WHAT TO WORK ON
Without the images, repeat every line of the listing verbatim.
***
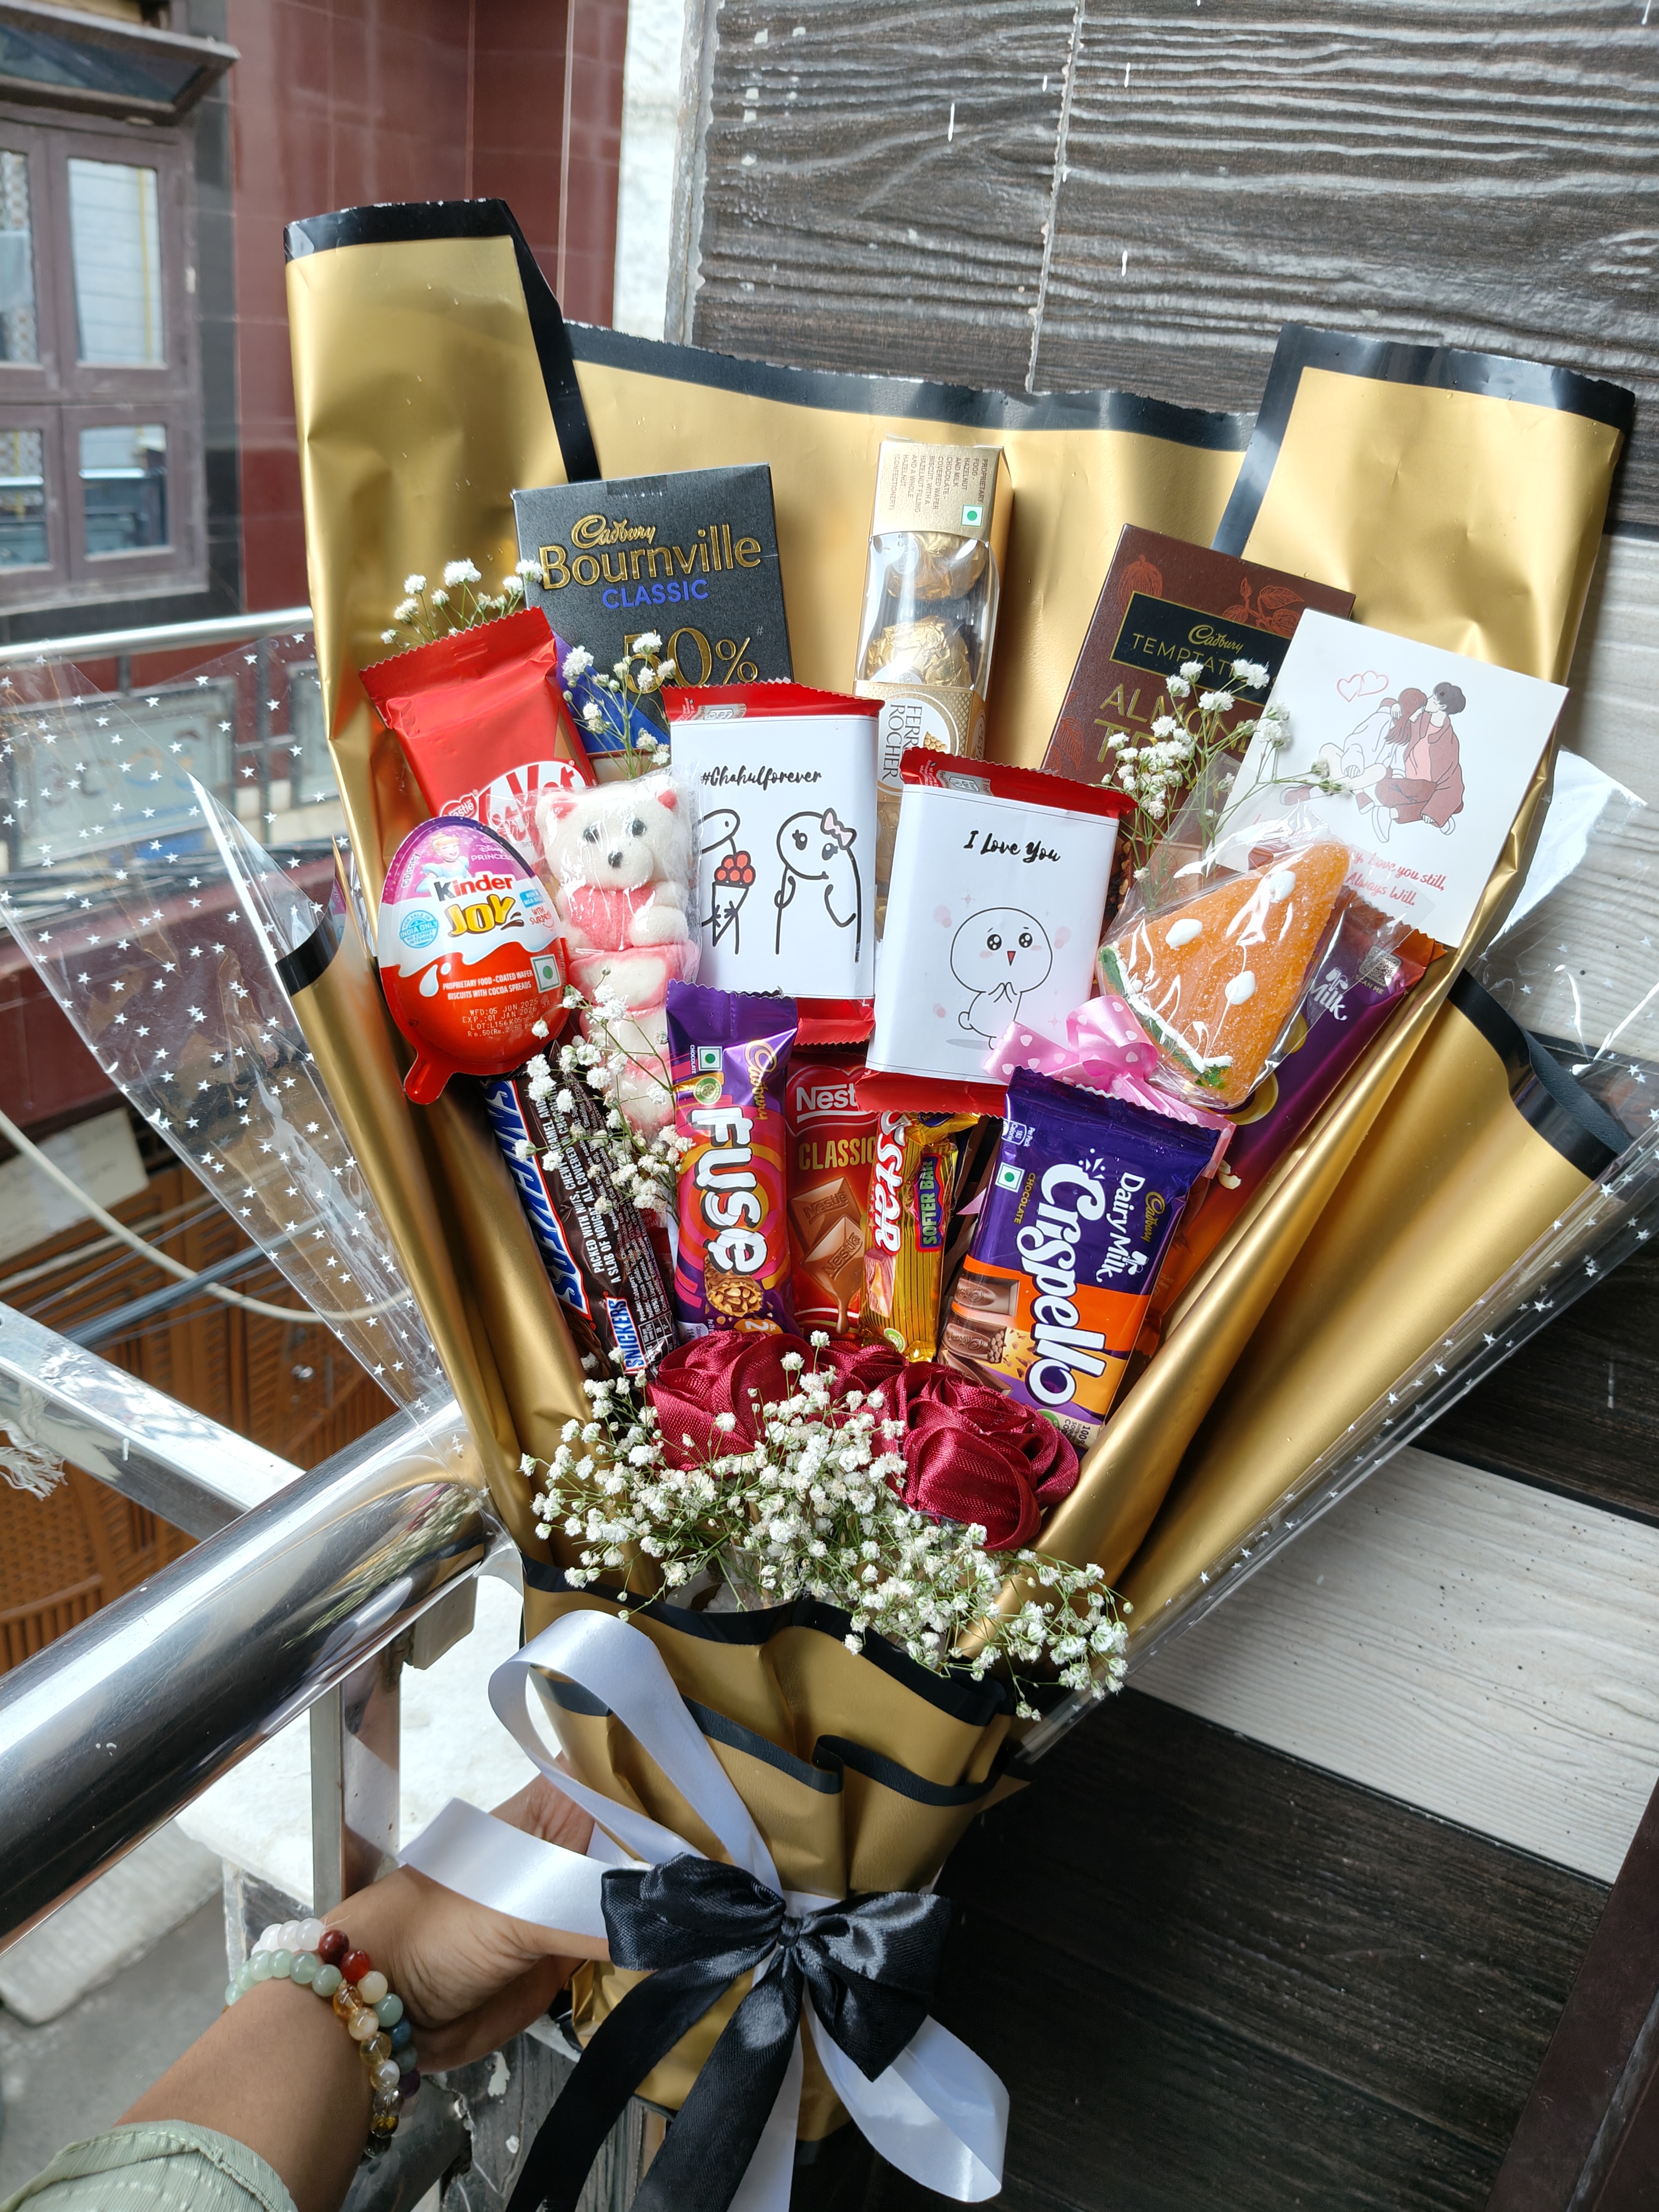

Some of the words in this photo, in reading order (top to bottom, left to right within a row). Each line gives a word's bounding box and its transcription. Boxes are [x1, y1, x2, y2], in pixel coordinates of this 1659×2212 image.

[918, 455, 926, 488] HAZELNUT
[935, 456, 943, 486] COVERED
[943, 457, 953, 495] CHOCOLATE
[961, 457, 970, 491] HAZELNUT
[977, 458, 988, 503] PROPRIETARY
[915, 488, 923, 513] FILLING
[933, 488, 941, 510] WAFER
[571, 514, 656, 549] Cadbury
[538, 524, 761, 590] Bournville
[602, 579, 709, 609] CLASSIC
[1188, 624, 1244, 654] Cadbury
[902, 705, 923, 749] FERR
[882, 704, 906, 781] ROCHER
[471, 854, 515, 862] PRINCESS
[963, 831, 979, 849] I
[980, 833, 1021, 855] Love
[1022, 841, 1061, 863] You
[1345, 872, 1387, 896] Always
[1394, 866, 1419, 879] you
[444, 894, 516, 938] JOY
[400, 927, 419, 938] INDIA
[419, 921, 437, 931] ONLY
[442, 979, 477, 990] PROPRIETARY
[477, 977, 492, 986] FOOD
[516, 970, 533, 979] WAFER
[448, 990, 472, 1000] BISCUITS
[473, 989, 487, 997] WITH
[488, 986, 508, 996] COCOA
[509, 981, 531, 992] SPREADS
[1373, 986, 1384, 995] ME
[501, 1010, 517, 1020] JAN
[520, 1006, 537, 1016] 2026
[502, 1004, 518, 1013] JUN
[520, 997, 538, 1008] 2025
[745, 1040, 777, 1120] Cadbury
[797, 1084, 857, 1111] Nest
[578, 1102, 590, 1127] Emulsifier
[1007, 1122, 1018, 1141] Calorie
[1014, 1129, 1023, 1139] 183
[1023, 1135, 1033, 1148] Pack
[1027, 1127, 1035, 1136] Per
[557, 1161, 576, 1191] CHEWY
[564, 1144, 589, 1186] COVERED
[920, 1161, 935, 1190] BAR
[569, 1190, 586, 1215] NUTS,
[579, 1185, 595, 1203] ALL
[1013, 1172, 1036, 1225] CHOCOLATE
[1106, 1171, 1145, 1234] Dairy
[576, 1213, 594, 1238] WITH
[920, 1192, 938, 1245] SOFTER
[1144, 1191, 1167, 1242] Cadbury
[585, 1237, 605, 1273] PACKED
[597, 1238, 611, 1253] OF
[626, 1249, 637, 1266] Edible
[638, 1236, 651, 1261] vegetable
[1096, 1231, 1135, 1284] Milk
[603, 1252, 619, 1276] SLAB
[623, 1260, 632, 1274] Filled
[632, 1265, 643, 1284] solids,
[639, 1258, 651, 1281] glucose,
[646, 1260, 656, 1277] Edible
[610, 1275, 622, 1283] A
[628, 1273, 641, 1300] Category:
[638, 1283, 649, 1300] Cocoa
[645, 1280, 656, 1297] Liquid
[635, 1299, 646, 1321] Product
[643, 1299, 654, 1318] butter,
[658, 1294, 668, 1311] Cocoa
[609, 1296, 644, 1368] SNICKERS
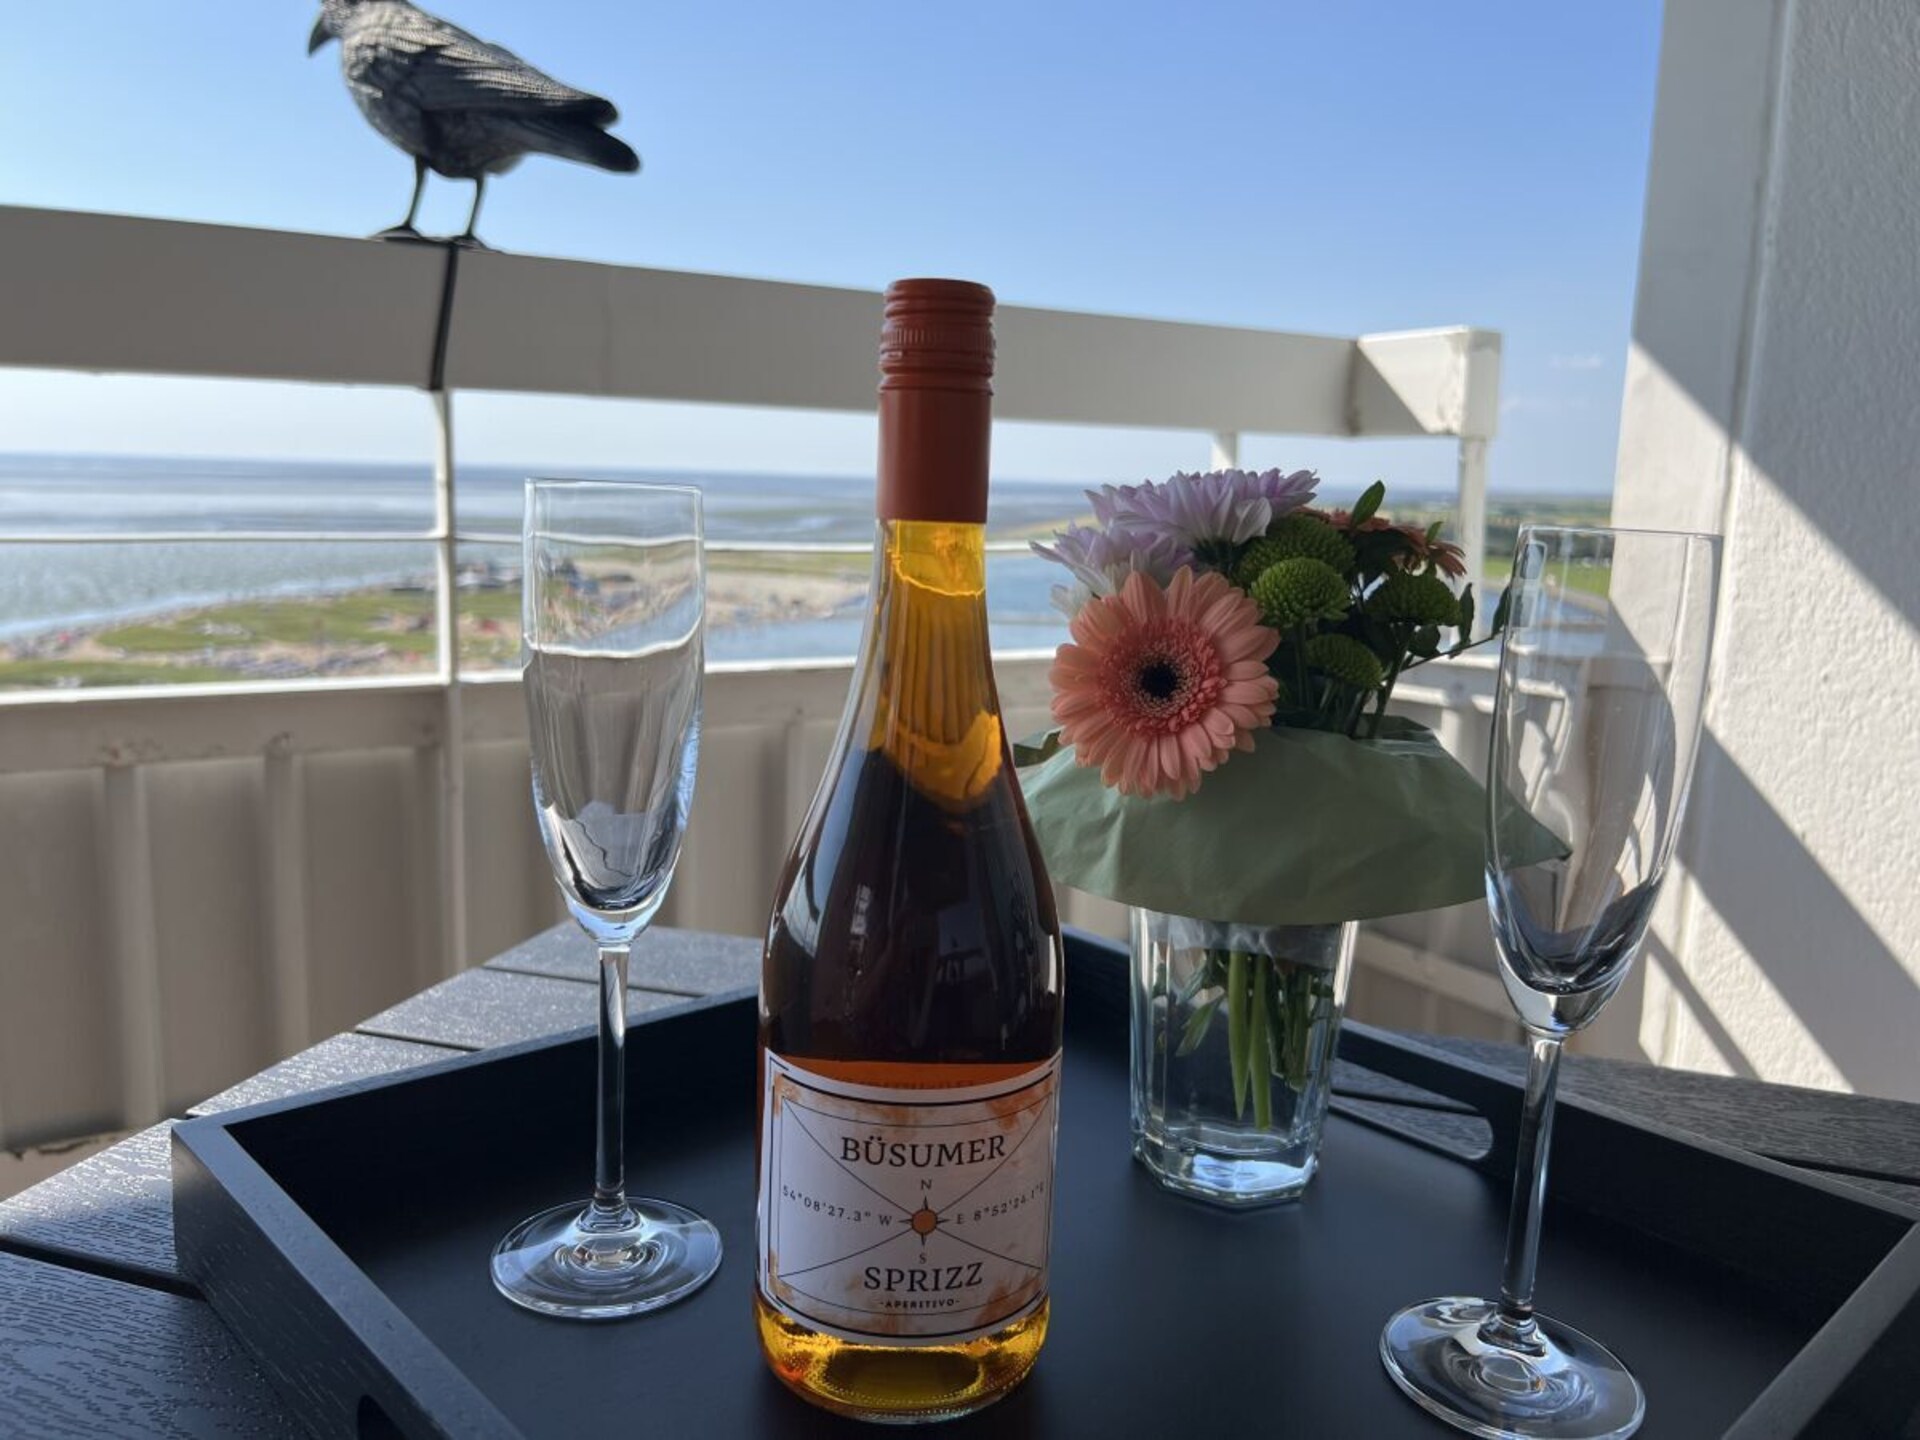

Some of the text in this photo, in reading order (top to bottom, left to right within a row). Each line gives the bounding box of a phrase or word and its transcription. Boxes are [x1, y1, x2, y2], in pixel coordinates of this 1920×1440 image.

[841, 1135, 1005, 1167] BÜSUMER
[920, 1179, 932, 1190] N
[879, 1215, 892, 1226] W
[957, 1214, 966, 1225] E
[919, 1252, 927, 1264] S
[864, 1262, 983, 1292] SPRIZZ
***
FINAL ANSWER
Some of the words in this photo, in reading order (top to bottom, left to right within a row). Each line gives a word's bounding box and its transcription. Boxes are [x1, y1, x2, y2], in pixel coordinates of this 1659×2212 image.

[918, 455, 926, 488] HAZELNUT
[935, 456, 943, 486] COVERED
[943, 457, 953, 495] CHOCOLATE
[961, 457, 970, 491] HAZELNUT
[977, 458, 988, 503] PROPRIETARY
[915, 488, 923, 513] FILLING
[933, 488, 941, 510] WAFER
[571, 514, 656, 549] Cadbury
[538, 524, 761, 590] Bournville
[602, 579, 709, 609] CLASSIC
[1188, 624, 1244, 654] Cadbury
[902, 705, 923, 749] FERR
[882, 704, 906, 781] ROCHER
[471, 854, 515, 862] PRINCESS
[963, 831, 979, 849] I
[980, 833, 1021, 855] Love
[1022, 841, 1061, 863] You
[1345, 872, 1387, 896] Always
[1394, 866, 1419, 879] you
[444, 894, 516, 938] JOY
[400, 927, 419, 938] INDIA
[419, 921, 437, 931] ONLY
[442, 979, 477, 990] PROPRIETARY
[477, 977, 492, 986] FOOD
[516, 970, 533, 979] WAFER
[448, 990, 472, 1000] BISCUITS
[473, 989, 487, 997] WITH
[488, 986, 508, 996] COCOA
[509, 981, 531, 992] SPREADS
[1373, 986, 1384, 995] ME
[501, 1010, 517, 1020] JAN
[520, 1006, 537, 1016] 2026
[502, 1004, 518, 1013] JUN
[520, 997, 538, 1008] 2025
[745, 1040, 777, 1120] Cadbury
[797, 1084, 857, 1111] Nest
[578, 1102, 590, 1127] Emulsifier
[1007, 1122, 1018, 1141] Calorie
[1014, 1129, 1023, 1139] 183
[1023, 1135, 1033, 1148] Pack
[1027, 1127, 1035, 1136] Per
[557, 1161, 576, 1191] CHEWY
[564, 1144, 589, 1186] COVERED
[920, 1161, 935, 1190] BAR
[569, 1190, 586, 1215] NUTS,
[579, 1185, 595, 1203] ALL
[1013, 1172, 1036, 1225] CHOCOLATE
[1106, 1171, 1145, 1234] Dairy
[576, 1213, 594, 1238] WITH
[920, 1192, 938, 1245] SOFTER
[1144, 1191, 1167, 1242] Cadbury
[585, 1237, 605, 1273] PACKED
[597, 1238, 611, 1253] OF
[626, 1249, 637, 1266] Edible
[638, 1236, 651, 1261] vegetable
[1096, 1231, 1135, 1284] Milk
[603, 1252, 619, 1276] SLAB
[623, 1260, 632, 1274] Filled
[632, 1265, 643, 1284] solids,
[639, 1258, 651, 1281] glucose,
[646, 1260, 656, 1277] Edible
[610, 1275, 622, 1283] A
[628, 1273, 641, 1300] Category:
[638, 1283, 649, 1300] Cocoa
[645, 1280, 656, 1297] Liquid
[635, 1299, 646, 1321] Product
[643, 1299, 654, 1318] butter,
[658, 1294, 668, 1311] Cocoa
[609, 1296, 644, 1368] SNICKERS

Some of the text in this photo, in reading order (top to bottom, left to right within a row). Each line gives the bounding box of a phrase or word and its transcription. Boxes are [x1, y1, x2, y2], in pixel coordinates of this 1920×1440 image.

[841, 1135, 1005, 1167] BÜSUMER
[920, 1179, 932, 1190] N
[879, 1215, 892, 1226] W
[957, 1214, 966, 1225] E
[919, 1252, 927, 1264] S
[864, 1262, 983, 1292] SPRIZZ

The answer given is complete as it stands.